• What you will do
Every entry in the data that follows should come back exactly, pictures aside.

• Provided information
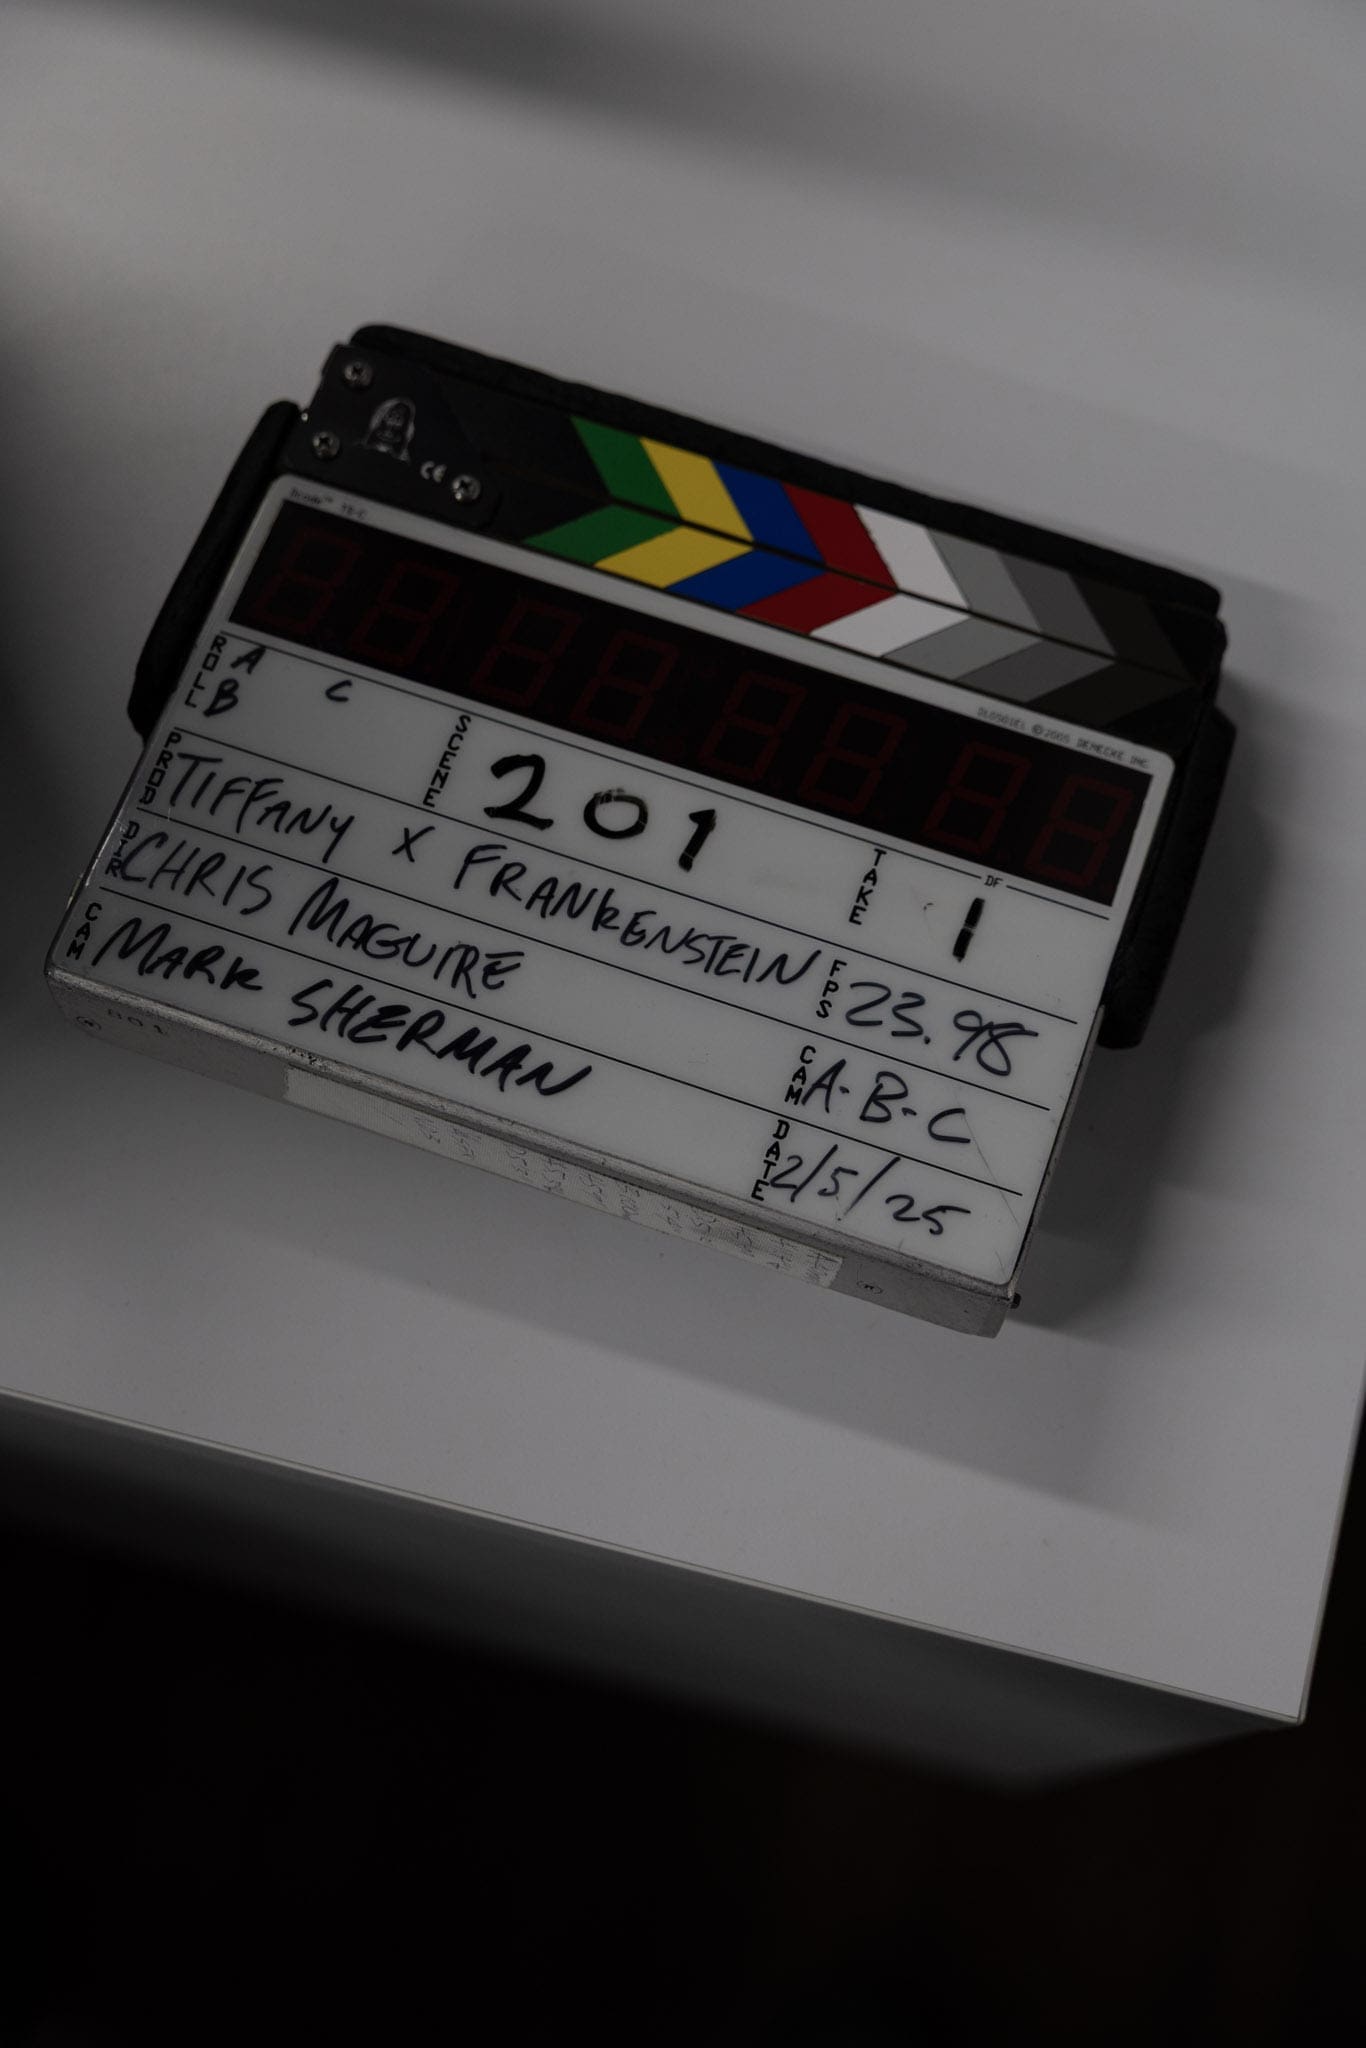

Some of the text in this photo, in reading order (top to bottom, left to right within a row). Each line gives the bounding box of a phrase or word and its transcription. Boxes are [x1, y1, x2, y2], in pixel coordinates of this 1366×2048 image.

[184, 635, 227, 708] ROLL
[230, 645, 267, 674] A
[203, 678, 240, 718] B
[139, 731, 182, 804] PROD
[422, 715, 472, 808] SCENE
[177, 752, 355, 864] TIFFANY
[104, 820, 140, 878] DIR
[984, 874, 1004, 889] DF
[119, 831, 525, 1000] CHRIS MAGUIRE
[848, 848, 887, 926] TAKE
[65, 902, 102, 961] CAM
[815, 959, 847, 1020] FPS
[288, 978, 593, 1097] SHERMAN
[845, 981, 1039, 1077] 23.98
[784, 1045, 816, 1106] CAM
[750, 1119, 790, 1201] DATE
[768, 1144, 971, 1235] 2/5/25

• Reply to the exercise
Some of the text in this photo, in reading order (top to bottom, left to right within a row). Each line gives the bounding box of a phrase or word and its transcription. Boxes are [x1, y1, x2, y2], in pixel coordinates of this 1366×2048 image.

[184, 635, 227, 708] ROLL
[230, 645, 267, 674] A
[203, 678, 240, 718] B
[139, 731, 182, 804] PROD
[422, 715, 472, 808] SCENE
[177, 752, 355, 864] TIFFANY
[104, 820, 140, 878] DIR
[984, 874, 1004, 889] DF
[119, 831, 525, 1000] CHRIS MAGUIRE
[848, 848, 887, 926] TAKE
[65, 902, 102, 961] CAM
[815, 959, 847, 1020] FPS
[288, 978, 593, 1097] SHERMAN
[845, 981, 1039, 1077] 23.98
[784, 1045, 816, 1106] CAM
[750, 1119, 790, 1201] DATE
[768, 1144, 971, 1235] 2/5/25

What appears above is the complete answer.